Les vieux flibustiers du Metal-Indus reviennent pour un dernier assaut. Armés jusqu'aux dents ils tentent avec "The Last Sucker" de mettre fin dignement à une carrière de près de 25 ans.

Et oui, vous ne rêvez pas, si vous n'étiez pas au courant, voici l'ultime acte de la brillante carrière de ministry, qui cloture par la même occasion une trilogie anti-bush entammée en 2004 avec "House of the Molé" et poursuivie en 2006 avec "Rio Grande Blood".
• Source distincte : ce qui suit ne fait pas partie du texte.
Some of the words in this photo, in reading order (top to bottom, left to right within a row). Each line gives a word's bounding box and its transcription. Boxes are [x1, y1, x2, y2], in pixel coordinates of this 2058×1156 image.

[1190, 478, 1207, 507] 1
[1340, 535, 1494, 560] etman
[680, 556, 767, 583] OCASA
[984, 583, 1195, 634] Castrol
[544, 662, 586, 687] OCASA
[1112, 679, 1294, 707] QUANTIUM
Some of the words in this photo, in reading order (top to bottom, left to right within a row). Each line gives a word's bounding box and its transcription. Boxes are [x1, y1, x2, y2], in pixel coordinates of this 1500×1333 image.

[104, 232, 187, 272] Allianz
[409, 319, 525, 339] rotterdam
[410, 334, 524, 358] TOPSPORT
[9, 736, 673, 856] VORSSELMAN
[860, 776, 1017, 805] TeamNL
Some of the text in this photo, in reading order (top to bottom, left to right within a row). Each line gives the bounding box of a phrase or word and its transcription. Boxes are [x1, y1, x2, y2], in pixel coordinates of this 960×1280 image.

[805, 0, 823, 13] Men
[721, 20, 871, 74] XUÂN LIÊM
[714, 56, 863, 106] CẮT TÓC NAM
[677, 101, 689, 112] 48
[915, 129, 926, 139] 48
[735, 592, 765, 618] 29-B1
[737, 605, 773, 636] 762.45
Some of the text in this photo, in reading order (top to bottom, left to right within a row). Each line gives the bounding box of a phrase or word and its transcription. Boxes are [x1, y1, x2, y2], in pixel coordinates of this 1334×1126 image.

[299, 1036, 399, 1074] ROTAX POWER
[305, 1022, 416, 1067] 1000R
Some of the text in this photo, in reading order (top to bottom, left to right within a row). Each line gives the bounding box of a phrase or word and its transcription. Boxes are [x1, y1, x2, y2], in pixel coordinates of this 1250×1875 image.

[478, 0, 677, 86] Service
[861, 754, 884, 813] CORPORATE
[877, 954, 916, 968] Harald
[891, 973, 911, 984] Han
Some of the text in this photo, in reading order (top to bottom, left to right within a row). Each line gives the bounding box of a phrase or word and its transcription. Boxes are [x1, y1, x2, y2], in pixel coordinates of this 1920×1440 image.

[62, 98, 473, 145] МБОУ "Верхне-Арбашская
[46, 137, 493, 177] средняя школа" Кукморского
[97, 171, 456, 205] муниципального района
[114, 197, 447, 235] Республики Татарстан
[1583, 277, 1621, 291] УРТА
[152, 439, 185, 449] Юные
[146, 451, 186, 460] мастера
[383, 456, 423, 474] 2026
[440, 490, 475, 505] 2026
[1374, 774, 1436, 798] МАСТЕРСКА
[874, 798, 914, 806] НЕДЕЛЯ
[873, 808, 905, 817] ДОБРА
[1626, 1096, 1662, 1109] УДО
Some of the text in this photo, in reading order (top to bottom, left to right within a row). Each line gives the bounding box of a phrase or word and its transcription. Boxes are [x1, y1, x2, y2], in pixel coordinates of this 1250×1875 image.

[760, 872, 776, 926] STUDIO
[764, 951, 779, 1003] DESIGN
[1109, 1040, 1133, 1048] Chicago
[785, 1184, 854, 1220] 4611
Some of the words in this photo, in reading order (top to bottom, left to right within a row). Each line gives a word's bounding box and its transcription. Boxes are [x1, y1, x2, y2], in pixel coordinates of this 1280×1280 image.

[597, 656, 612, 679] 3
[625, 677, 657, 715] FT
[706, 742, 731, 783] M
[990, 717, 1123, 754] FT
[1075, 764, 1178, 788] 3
L'album dans sa globalité reste dans la tendance d'évolution du groupe, c'est à dire vers un metal plus primitif que sur des albums plus anciens. Mais renoue aussi avec les côtés les plus, disons, académiques de la musique industrielle. Ceux qui ont fait les beaux jours de Ministry, ceux qui rayonnent aussi sur "Psalm 69" pour n'en citer qu'un, je veux bien entendu parler des nombreux samples et du son de guitare si froid et particulier (son qui avait été bien grossi sur l'excellent Rio Grande Blood, bien plus metal que les autres livraisons des américains). Un album qui sonne comme une (petite) synthèse de la carrière du groupe, sans toutefois tomber dans le piège de la copie ni même, pire, du pastiche.


Ainsi l'album s'ouvre comme un éclat d'obus dans la tronche, Al Jourgensen et sa bande étant bien décidés à mener une dernière offensive contre leur président. L'album, au premier abord peu original, gagne cependant en saveur au fil des écoutes et il apparait finalement tout de même bien abouti et bien travaillé.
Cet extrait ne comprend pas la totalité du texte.